Cuando volvió en sí, un gentío lo rodeaba; a su lado, arrodillado, un guarda del museo. Todo giraba lenta y armoniosamente. El guarda movía los labios pero él no escuchaba nada. Sólo le llegaba su aliento cálido, con un aroma inconfundible a cerveza y queso camembert. Otra vez los labios del hombre; y esta vez, también su voz: ¿Se encuentra bien?

¿Qué ocurrió?, preguntó él, intentando incorporarse con dificultad – la cabeza le pesaba.

Se desplomó.

Se incorporó ayudado por el guarda y las miradas compasivas de la pequeña multitud que menguaba.

Enseguida miró la pared. ¿Dónde está el cuadro?, preguntó señalando el lugar exacto.
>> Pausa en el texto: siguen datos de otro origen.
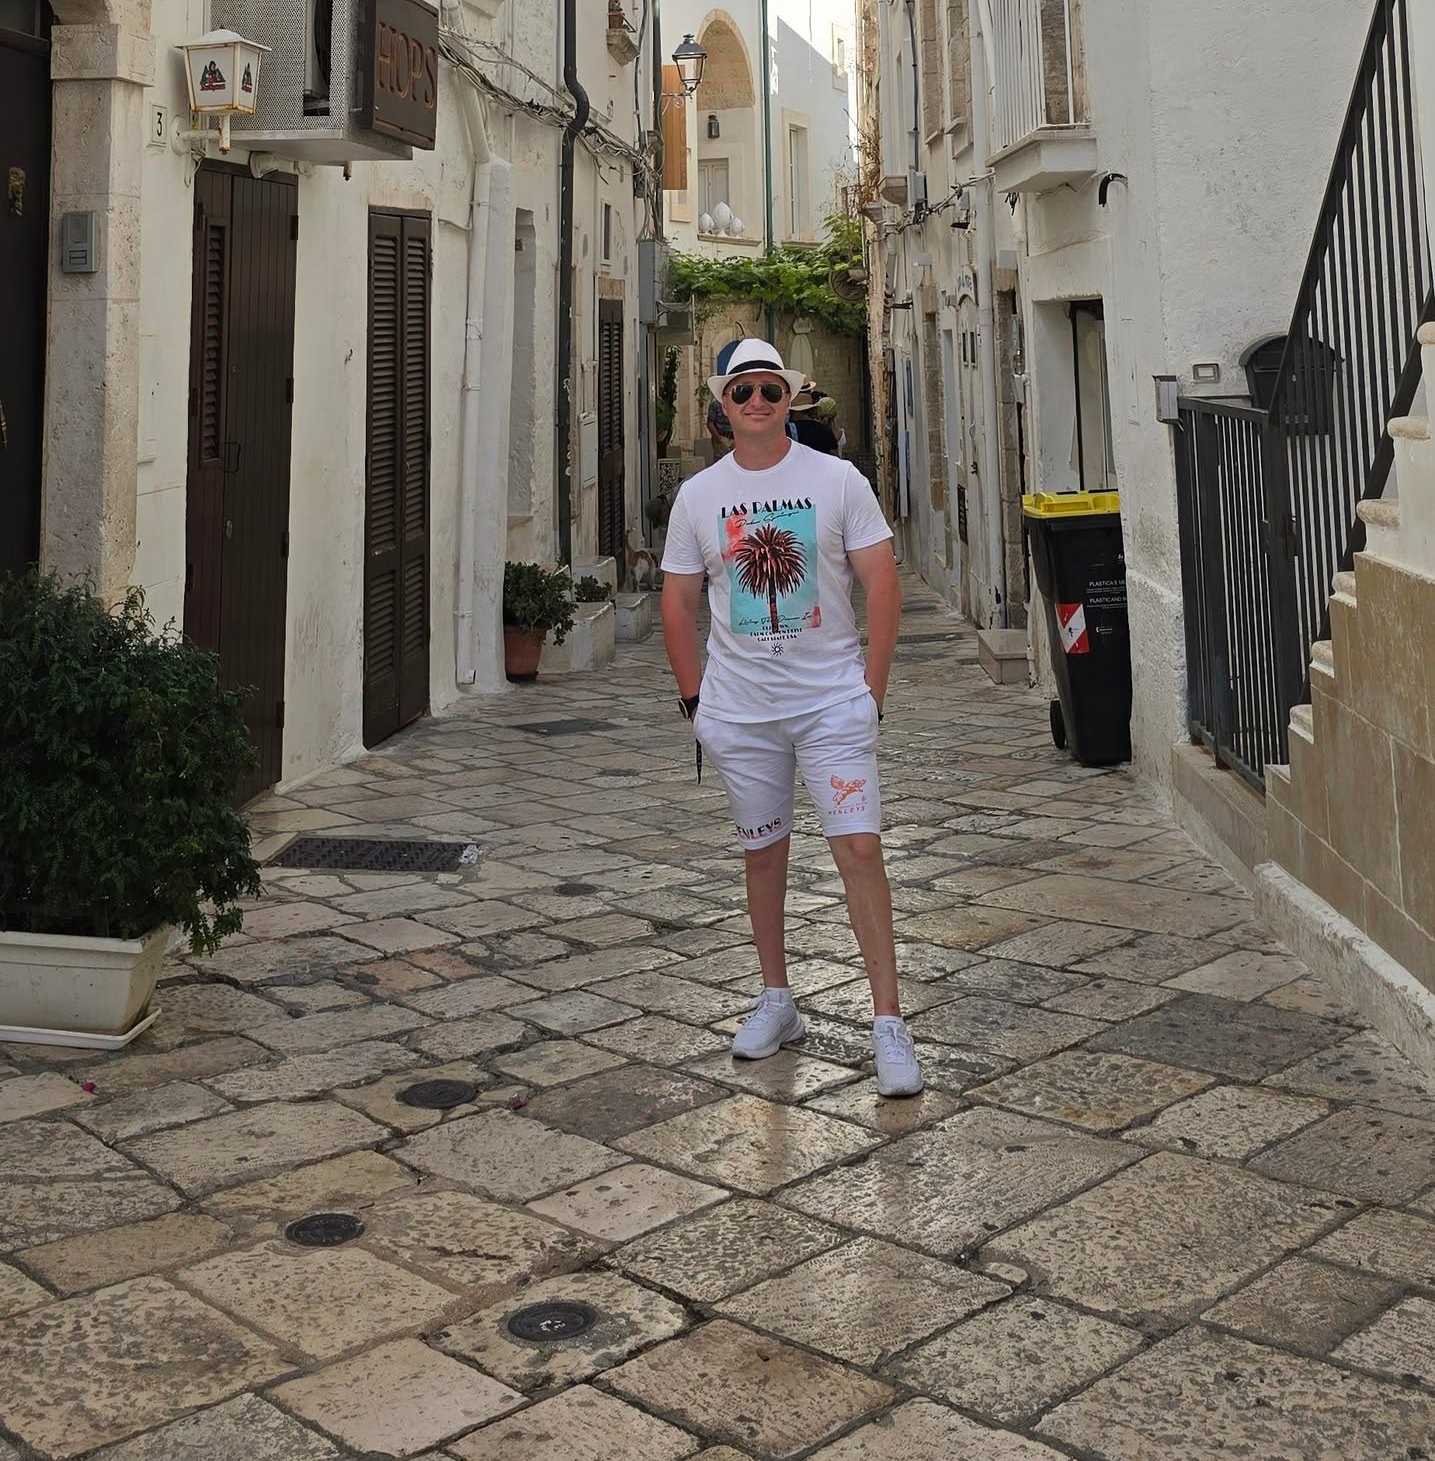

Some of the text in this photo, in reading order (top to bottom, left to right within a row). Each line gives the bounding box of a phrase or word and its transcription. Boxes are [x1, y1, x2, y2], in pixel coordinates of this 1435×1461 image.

[379, 20, 436, 109] HOPS
[156, 112, 163, 137] 3
[721, 497, 812, 519] LAS PALMAS
[828, 805, 865, 815] HENLEYS
[735, 817, 782, 839] ENLEYS
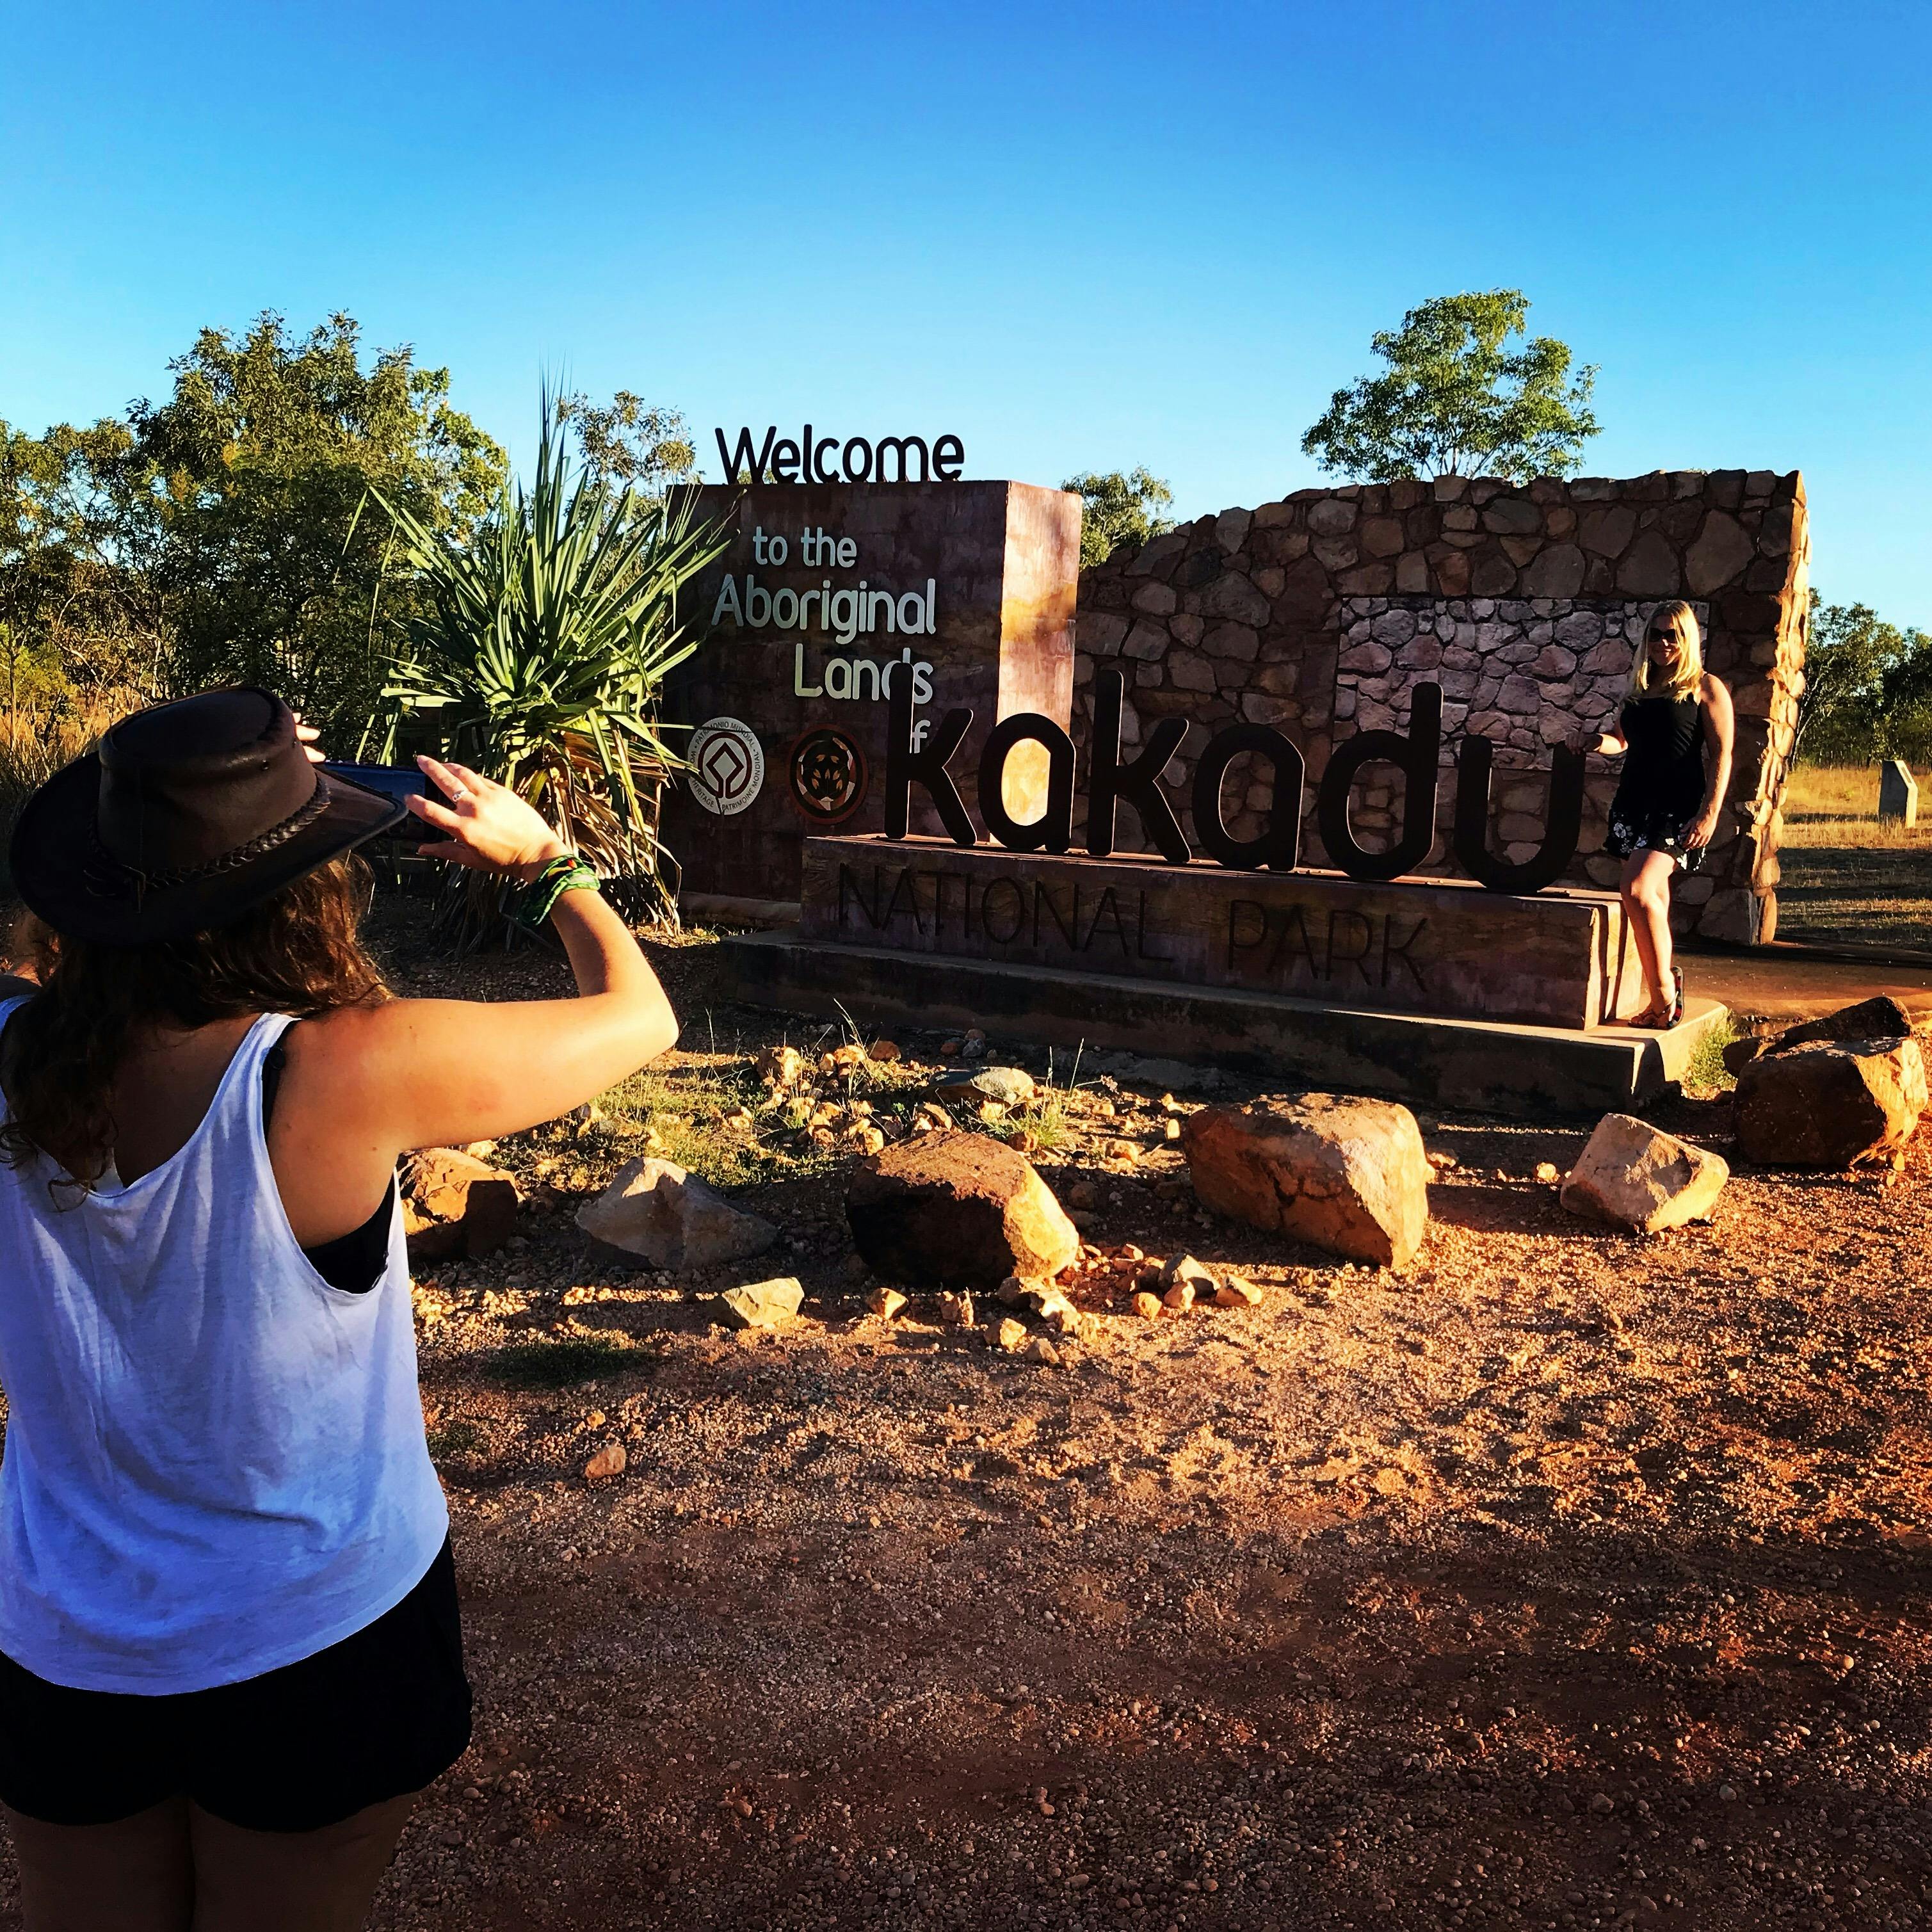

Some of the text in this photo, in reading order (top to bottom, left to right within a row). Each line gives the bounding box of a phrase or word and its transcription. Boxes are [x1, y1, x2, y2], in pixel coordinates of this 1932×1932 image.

[715, 424, 965, 485] Welcome
[753, 526, 857, 568] to the
[711, 573, 936, 645] Aboriginal
[912, 720, 931, 754] f
[721, 752, 761, 811] PATRIMOINE MONDIAL
[884, 661, 1586, 892] kakadu
[838, 862, 1428, 992] NATIONAL PARK
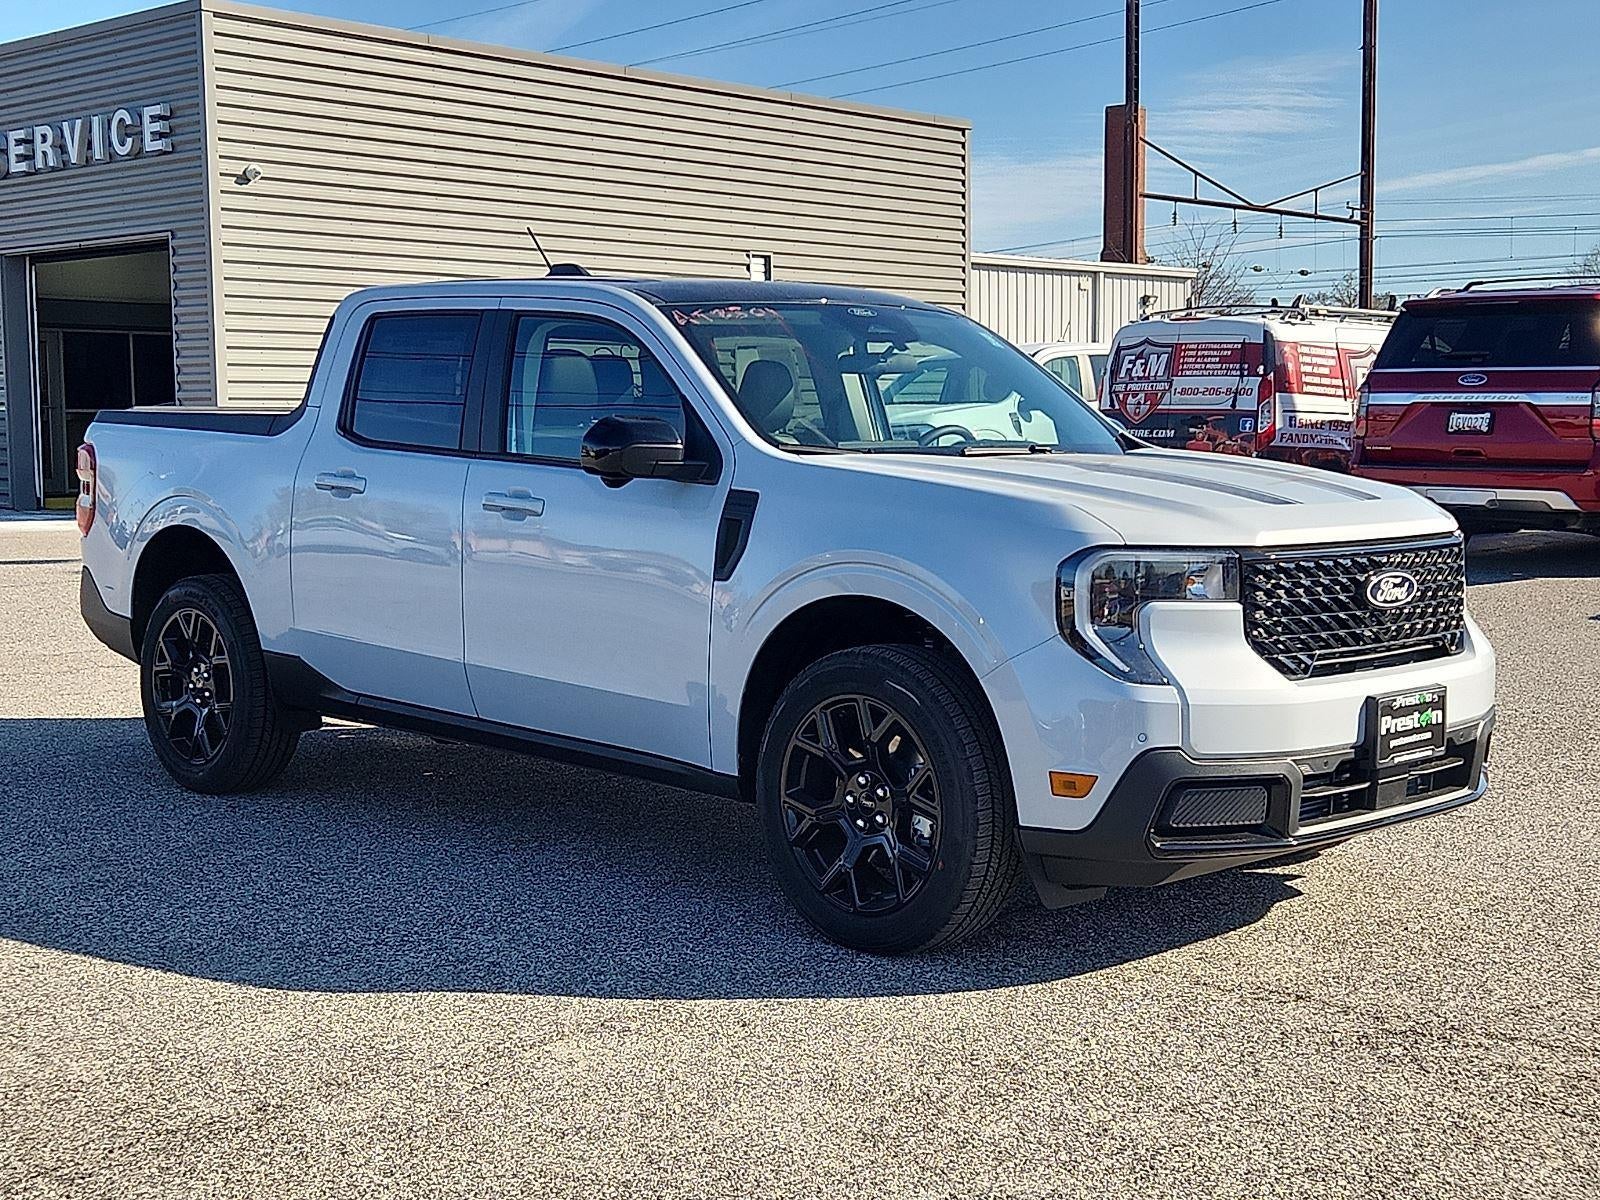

¿Disculpe?, preguntó el guarda. Ya no había nadie más a su alrededor. Un hombre que se recupera no es un espectáculo digno para distraer a nadie.

El cuadro que estaba ahí – otra vez apuntó con el dedo y esta vez hizo hincapié con la cabeza, que no lo indultaba y seguía doliendo un latido punzante.

Ahí jamás hubo un cuadro, señor. Tal vez el golpe lo haya desorientado… – propuso indulgente el guarda.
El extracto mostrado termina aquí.